> **Exercise requirements**
Leave the pictures out and transcribe every record exactly.

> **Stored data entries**
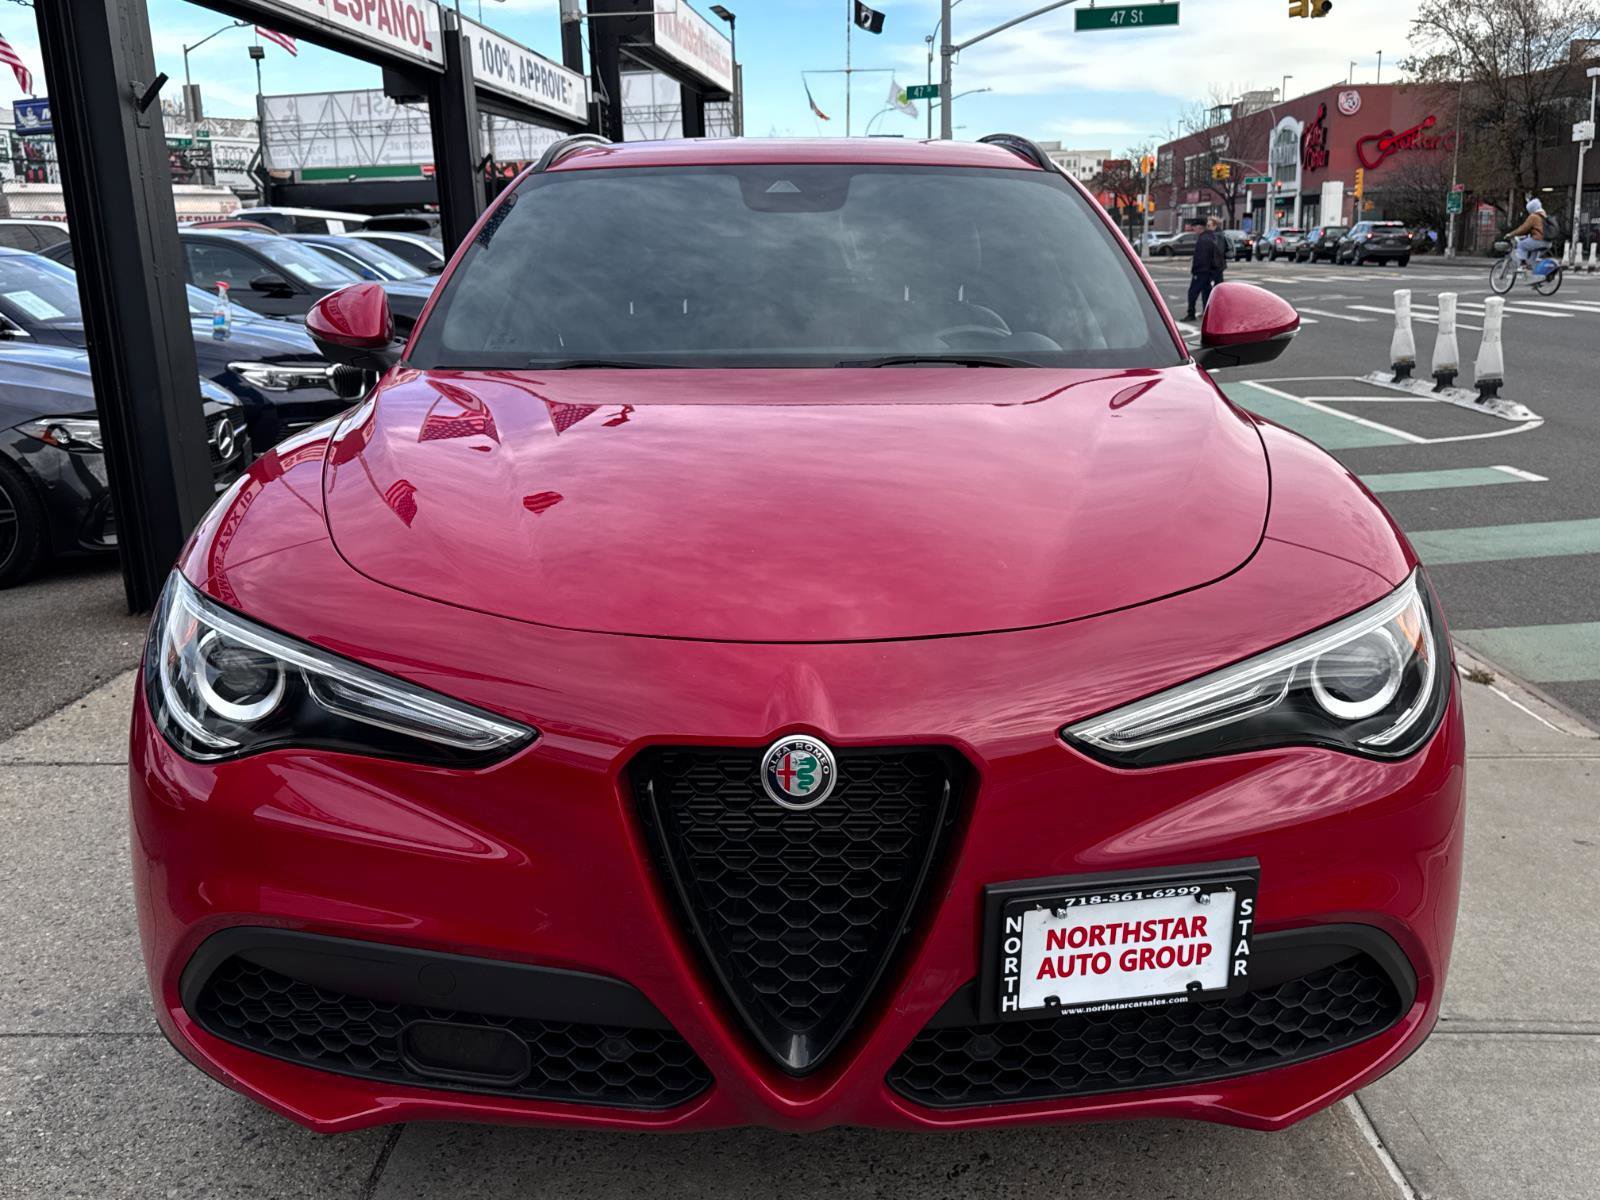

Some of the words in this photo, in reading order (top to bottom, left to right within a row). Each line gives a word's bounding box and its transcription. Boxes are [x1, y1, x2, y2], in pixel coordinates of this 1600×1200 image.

[1110, 11, 1126, 25] 47
[1130, 9, 1144, 24] St
[479, 37, 515, 84] 100%
[520, 55, 573, 106] APPROVE
[768, 746, 791, 774] ALFA
[795, 742, 830, 775] ROMEO
[1064, 886, 1201, 907] 718-361-6299
[1045, 915, 1208, 951] NORTHSTAR
[1234, 897, 1254, 977] STAR
[1001, 915, 1022, 1013] NORTH
[1036, 951, 1112, 980] AUTO
[1119, 943, 1212, 973] GROUP
[1061, 996, 1189, 1015] www.northstarcarsales.com
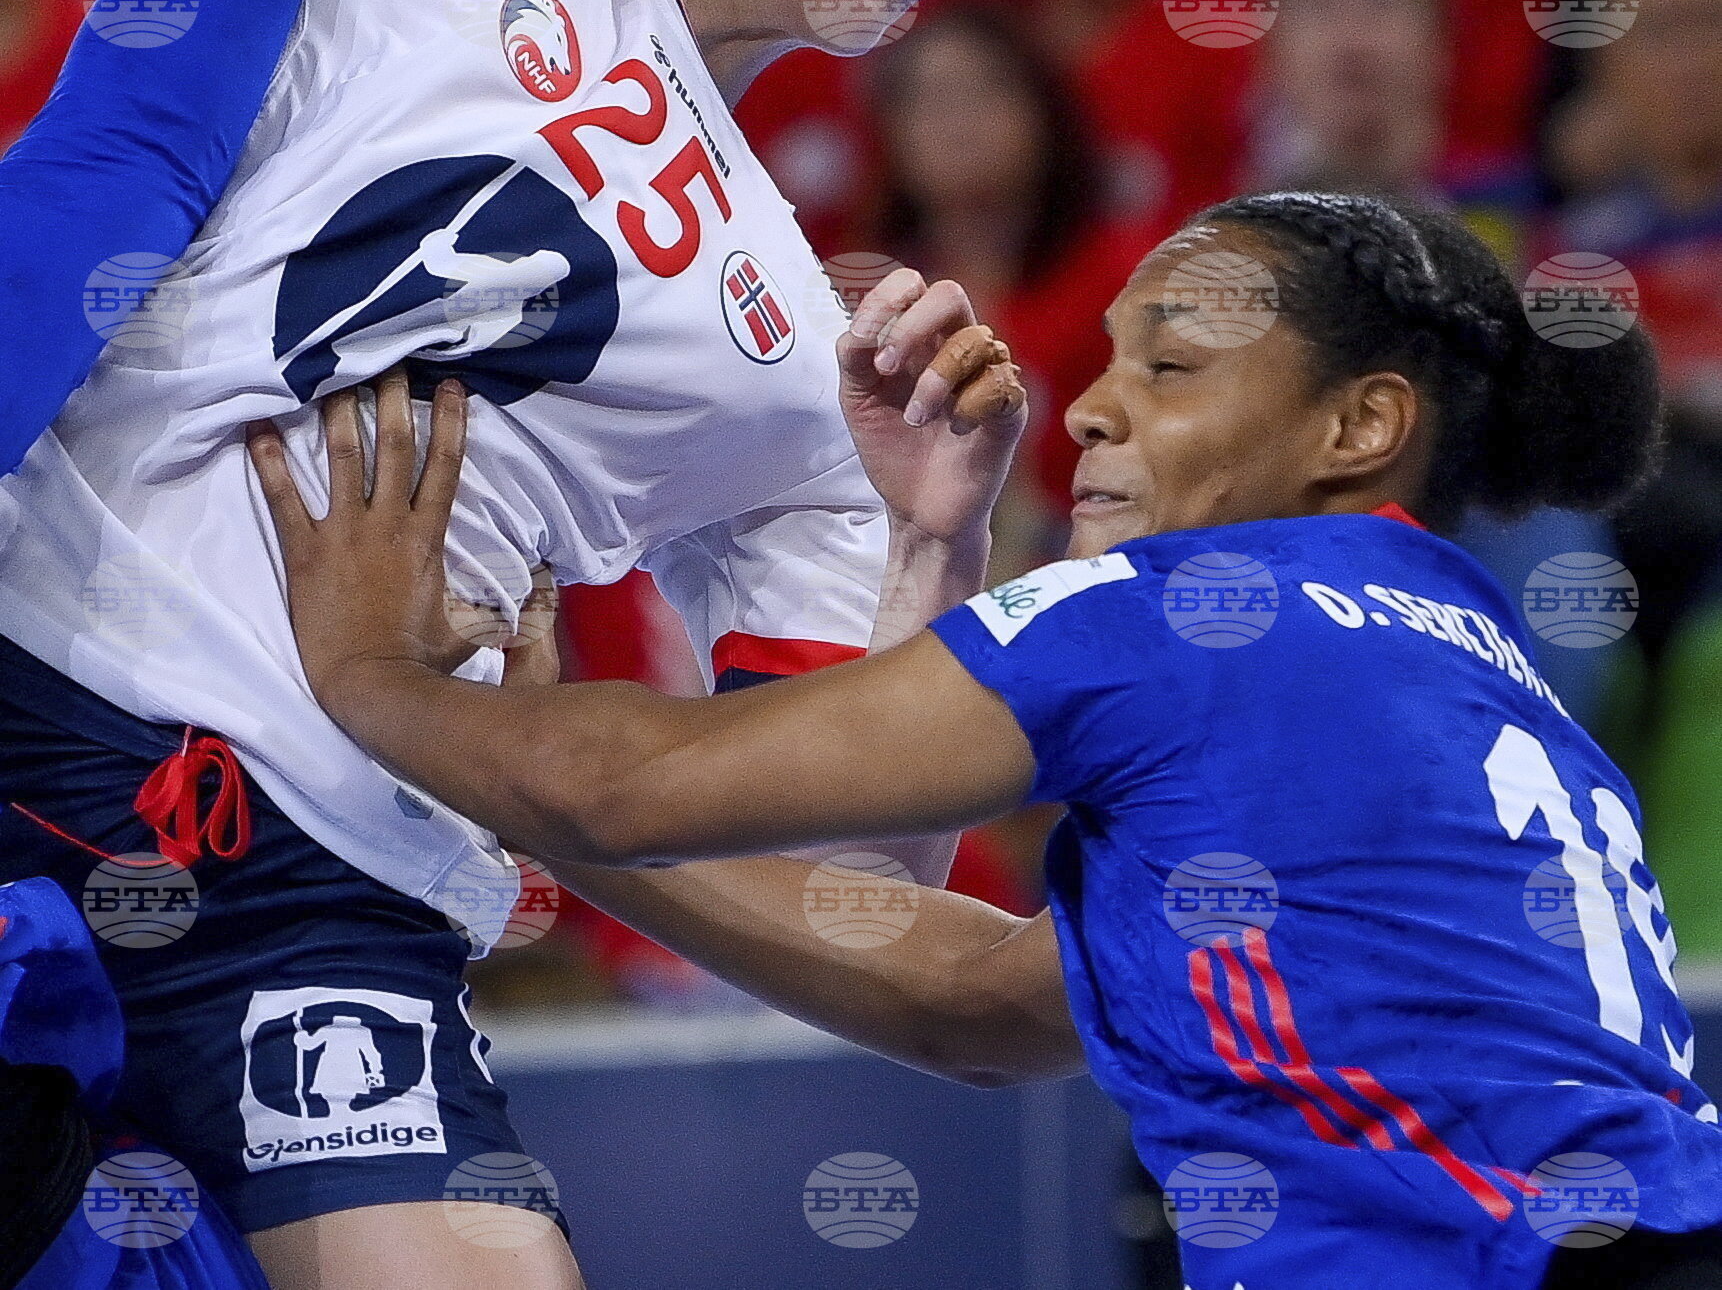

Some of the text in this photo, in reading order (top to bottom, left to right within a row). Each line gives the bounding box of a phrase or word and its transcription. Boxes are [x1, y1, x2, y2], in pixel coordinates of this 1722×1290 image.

[518, 51, 556, 94] NHF
[668, 67, 731, 179] hummel
[536, 58, 732, 278] 25
[247, 1122, 438, 1163] Gjensidige
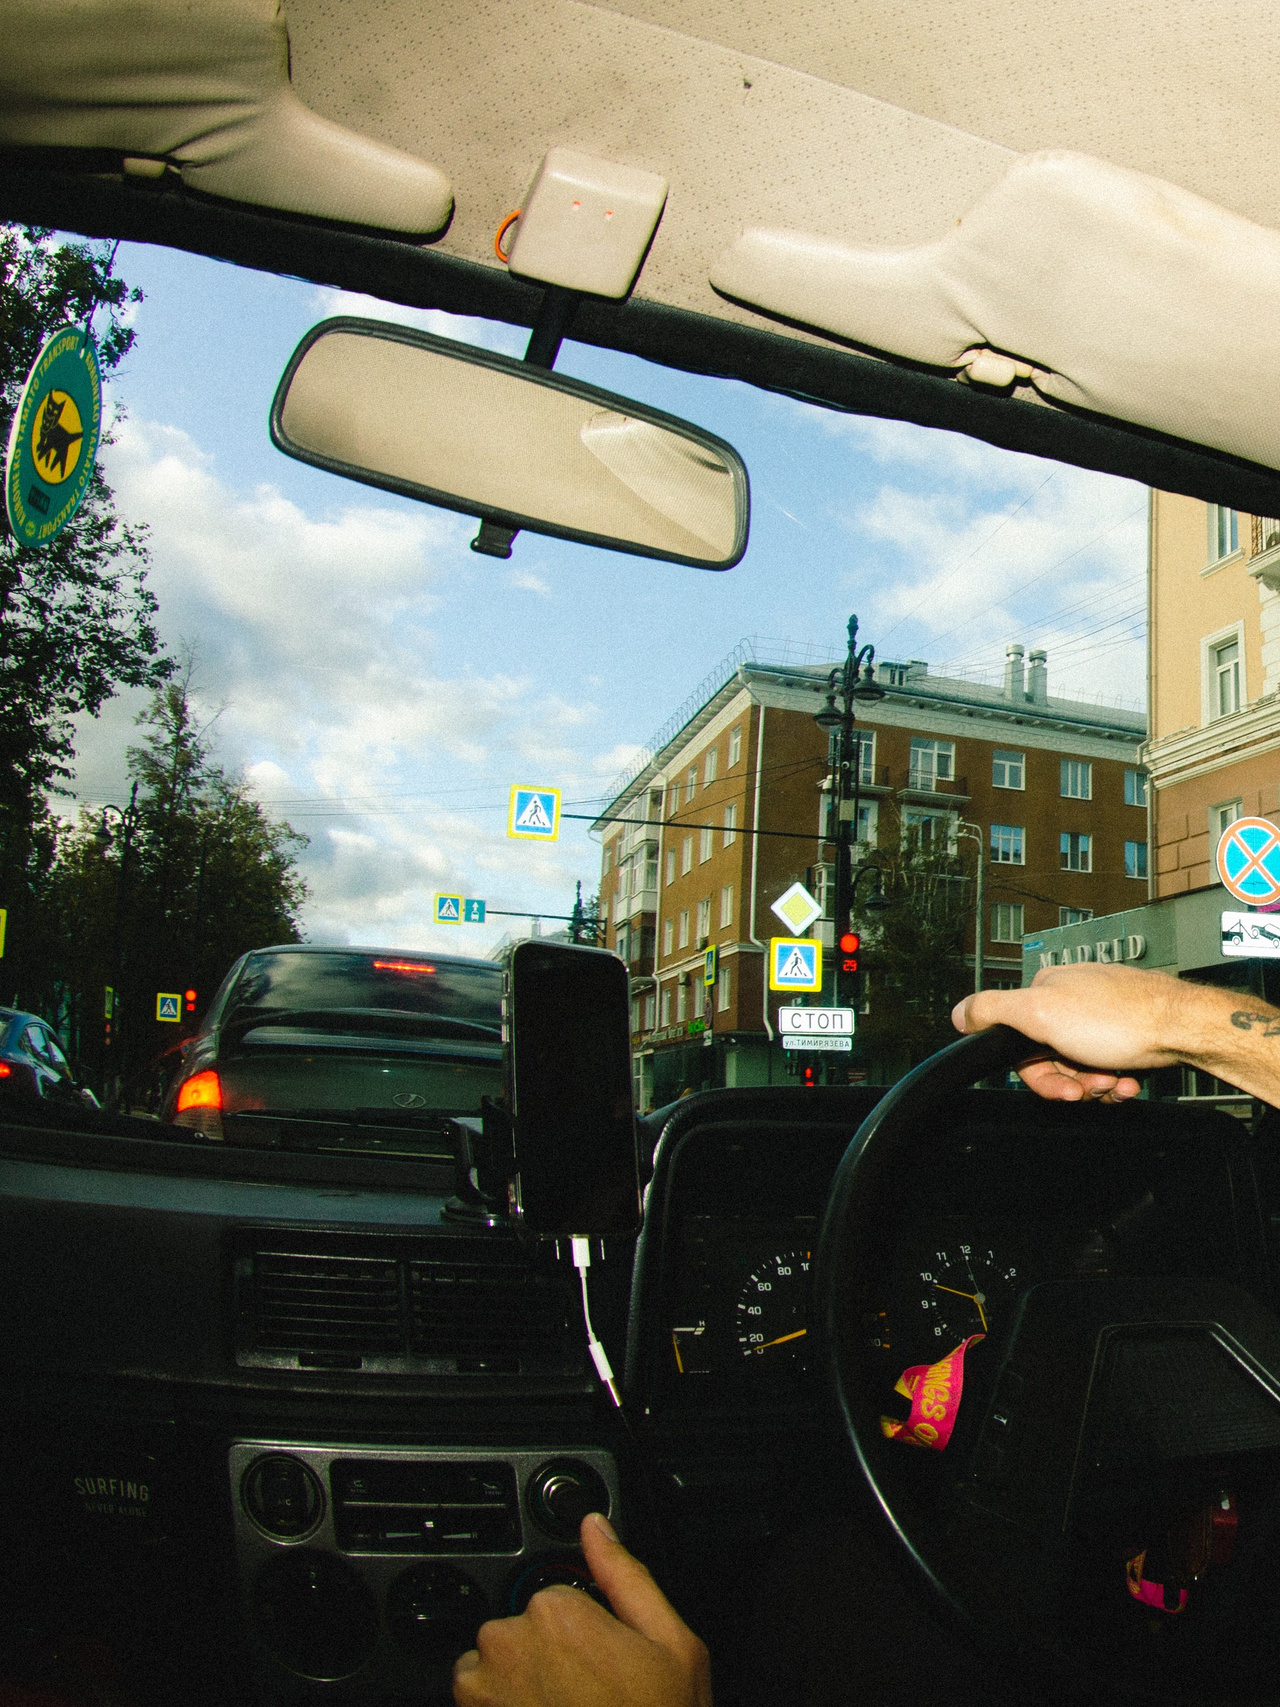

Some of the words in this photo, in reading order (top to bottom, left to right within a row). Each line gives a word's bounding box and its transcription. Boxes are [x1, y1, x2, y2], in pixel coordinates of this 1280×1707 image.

[17, 378, 39, 443] YAMATO
[39, 335, 79, 378] TRANSPORT
[79, 427, 98, 487] YAMATO
[37, 488, 79, 539] TRANSPORT
[843, 959, 857, 971] 29
[791, 1013, 843, 1029] СТОП
[959, 1245, 972, 1254] 12
[988, 1250, 994, 1259] 1
[936, 1252, 948, 1261] 11
[777, 1266, 792, 1276] 80
[1009, 1268, 1017, 1277] 2
[919, 1272, 932, 1282] 10
[757, 1282, 772, 1292] 60
[921, 1300, 929, 1309] 9
[747, 1306, 762, 1315] 40
[934, 1327, 942, 1336] 8
[749, 1333, 764, 1343] 20
[73, 1476, 149, 1502] SURFING

> **Response area**
Some of the words in this photo, in reading order (top to bottom, left to right within a row). Each line gives a word's bounding box and its transcription. Boxes are [x1, y1, x2, y2], in pixel coordinates of this 1600×1200 image.

[1110, 11, 1126, 25] 47
[1130, 9, 1144, 24] St
[479, 37, 515, 84] 100%
[520, 55, 573, 106] APPROVE
[768, 746, 791, 774] ALFA
[795, 742, 830, 775] ROMEO
[1064, 886, 1201, 907] 718-361-6299
[1045, 915, 1208, 951] NORTHSTAR
[1234, 897, 1254, 977] STAR
[1001, 915, 1022, 1013] NORTH
[1036, 951, 1112, 980] AUTO
[1119, 943, 1212, 973] GROUP
[1061, 996, 1189, 1015] www.northstarcarsales.com

Some of the text in this photo, in reading order (top to bottom, left to right within a row). Each line gives the bounding box of a phrase or word and its transcription. Boxes are [x1, y1, x2, y2], in pixel coordinates of this 1722×1290 image.

[518, 51, 556, 94] NHF
[668, 67, 731, 179] hummel
[536, 58, 732, 278] 25
[247, 1122, 438, 1163] Gjensidige

Some of the words in this photo, in reading order (top to bottom, left to right within a row). Each line gives a word's bounding box and its transcription. Boxes are [x1, y1, x2, y2], in pixel coordinates of this 1280×1707 image.

[17, 378, 39, 443] YAMATO
[39, 335, 79, 378] TRANSPORT
[79, 427, 98, 487] YAMATO
[37, 488, 79, 539] TRANSPORT
[843, 959, 857, 971] 29
[791, 1013, 843, 1029] СТОП
[959, 1245, 972, 1254] 12
[988, 1250, 994, 1259] 1
[936, 1252, 948, 1261] 11
[777, 1266, 792, 1276] 80
[1009, 1268, 1017, 1277] 2
[919, 1272, 932, 1282] 10
[757, 1282, 772, 1292] 60
[921, 1300, 929, 1309] 9
[747, 1306, 762, 1315] 40
[934, 1327, 942, 1336] 8
[749, 1333, 764, 1343] 20
[73, 1476, 149, 1502] SURFING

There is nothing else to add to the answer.